I said in my last post I'd post my practice regimen "soon," so over a month later, here it is! I've decided on the tag "The Road So Far" to delineate which blog entries are for this Guinness attempt and which are not. Yes, 'tis a Supernatural reference. Last time I discovered it was indeed about the journey and not necessarily the goal, so I chose my tag accordingly this time. Although there is no journey without a goal -- then it would just be called "wandering about aimlessly."
So if you want to read about this Guinness attempt and filter out my other musings, click on "The Road So Far" in the word cloud to your right. If you wish to read about my previous Guinness attempt, click on "The Impossible Goal."
So. Practice. In order for this blog post to make sense, I'll have to drag my current celebrity obsession crush into this. *runs to Lux, fetches Tom Ellis, and plops him down here*
If you're a big fan of the show Lucifer, you'll notice that Tom, who performs the titular character, got incredibly ripped between season 3 and 4. Heck, I certainly noticed. (What?? You seriously think this is an entirely professional blog? You have a lot to learn about this town, sweetie.) In this article for Men's Health he described how he achieved incredible results in a short period of time. His trainer said that as long as he faithfully kept to the system, "...there’ll be a point when you wake up one day and your body will look different."

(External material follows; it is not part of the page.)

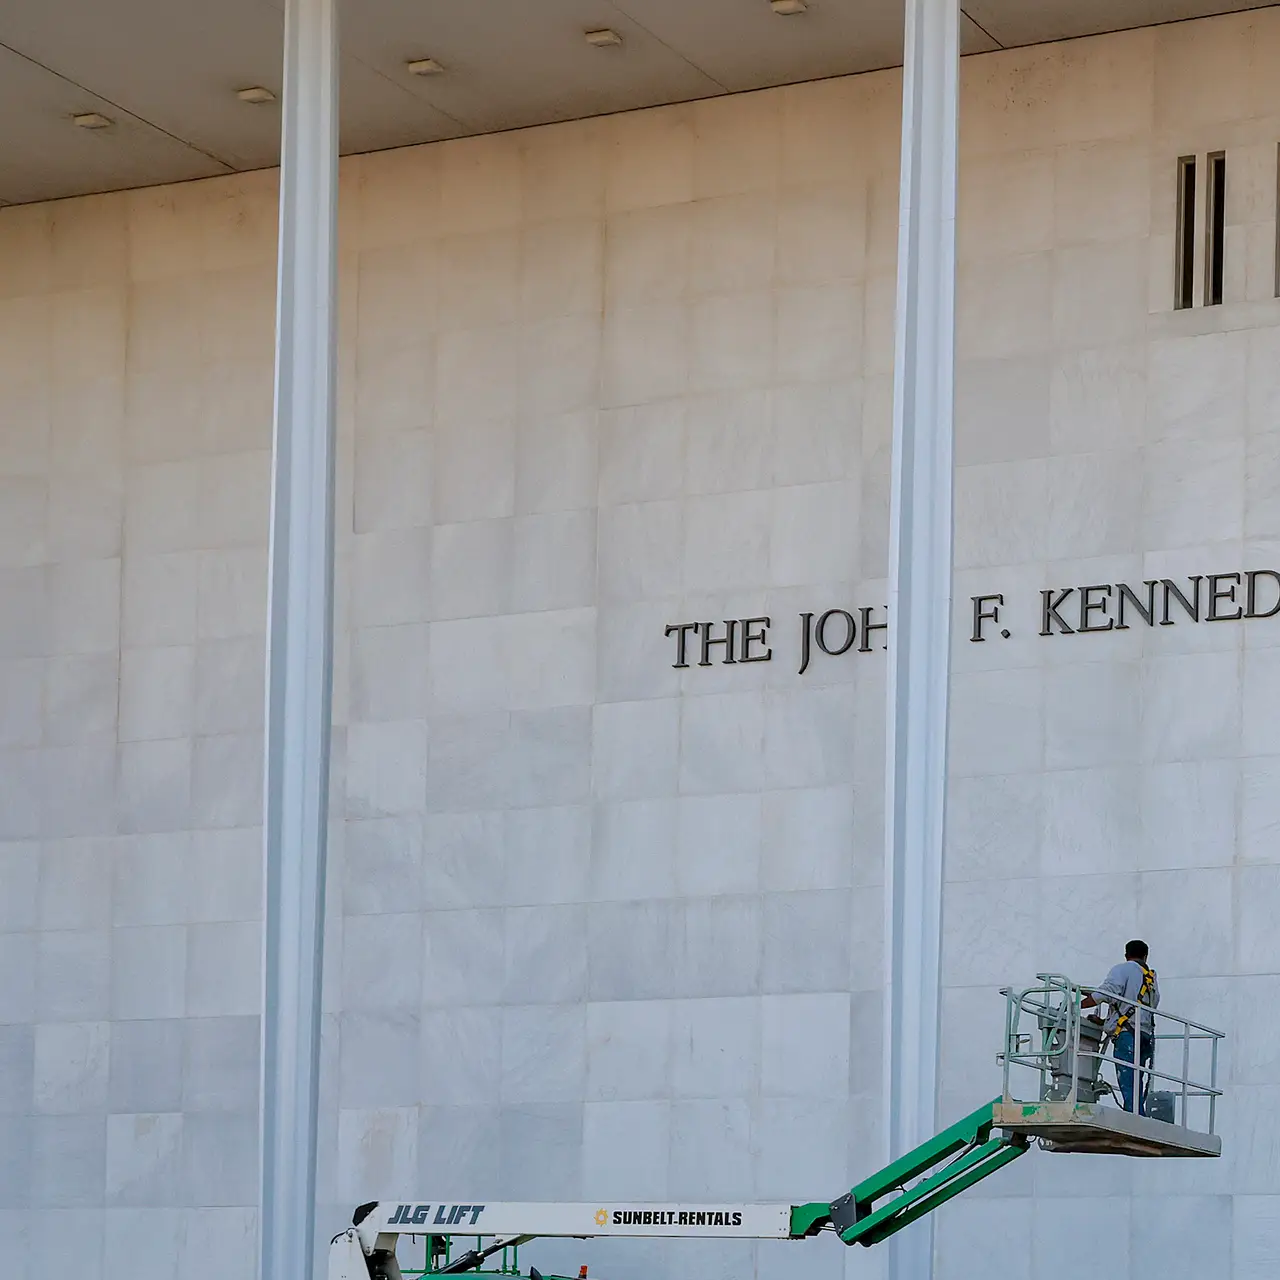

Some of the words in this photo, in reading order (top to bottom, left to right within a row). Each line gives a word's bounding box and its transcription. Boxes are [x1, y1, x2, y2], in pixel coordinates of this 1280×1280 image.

What does Tom's training have to do with my training? Honey, I went to Bible college. I can relate any illustration to any sermon. Here's the connection: If you plot the lines for fitness training and stenography training, you'll see they are parallel.
We started slow -- 80 words a minute was my first speed class after theory -- and worked our way up. When we were in theory class we asked the teacher to dictate at 225 words a minute, just to hear how fast our exit speeds were, and we couldn't even comprehend writing at such speeds.
Then when we were in our 160s, we asked the teacher to dictate at 80, and it was incomprehensible that we once struggled at that speed. We woke up and our writing skills were different.
Same with strength. I started bench pressing with a bare 45-pound barbell, and my personal best at my peak was 110 pounds. I wasn't conscious of getting stronger over time -- I simply followed my plan, and as time passed, it felt like I could suddenly achieve more.
The TL;DR of this article is that you gotta stop it with the assisted pullup machine, because it's a crutch. It doesn't force your entire body to get in on the act. Jump in with both feet. Hang from the bar. Do negatives -- where you hold on at the top and descend as slow as you can. Practice it daily, if you can. (That's what the ARTICLE says, not me. I've tried this and now my shoulder is jacked up.)
How do these two articles about strength training apply to my practice regimen? Besides Tom Ellis being my inspiration for both steno and fitness. (heart-eyes emoji)
For starters, I'm taking off the crutch of practicing slow until I'm accurate and working my way up. In the past I've always -- ALWAYS -- passed speed tests after I practiced at speeds well above my target speed. This was true for school, RPR, RMR, and speed contests.
I BEGIN my Guinness speed practice by increasing the speed to 420 (heh) words a minute, using the add-on to Google Chrome that is aptly named Video Speed Controller. THEN I decrease the speed incrementally until I'm getting something for everything. It's rough as all get out, but I'm getting SOMETHING.
And guess what -- that speed is hovering around 360-370.
Second, the quote from Tom's trainer has bounced around in my brain ever since I read it. From day to day, it's hard to see improvement. Until you look back a few months later and see just how far you've come. If you've ever seen my Failure seminar, you've heard me say something like this before -- trust the system and results will follow. Don't focus on the goal; focus on the system.
I distinctly remember training for the RMR back in the days of cassettes. I had a fancy cassette player that allowed you to increase the speed. I practiced with speed contest cassettes, and sped it up. One day I was practicing (for the RMR, remember, which is 260 wpm as opposed to speed contest's 280) and thought to myself, "Oh no, I forgot to speed up the dictation." Yeah. I had indeed sped it up, but my system was getting results. It felt gettable. And of course I subsequently passed the RMR.
So I am trusting the system once again in that before long I will not recognize my skills; they're so advanced :)
Much thanks for the support of my 100-Day Challenge club, where we encourage each other to practice daily for 100 days in a row. I highly recommend you start such a club. The benefits aren't just accountability; it's the friends you make along the way.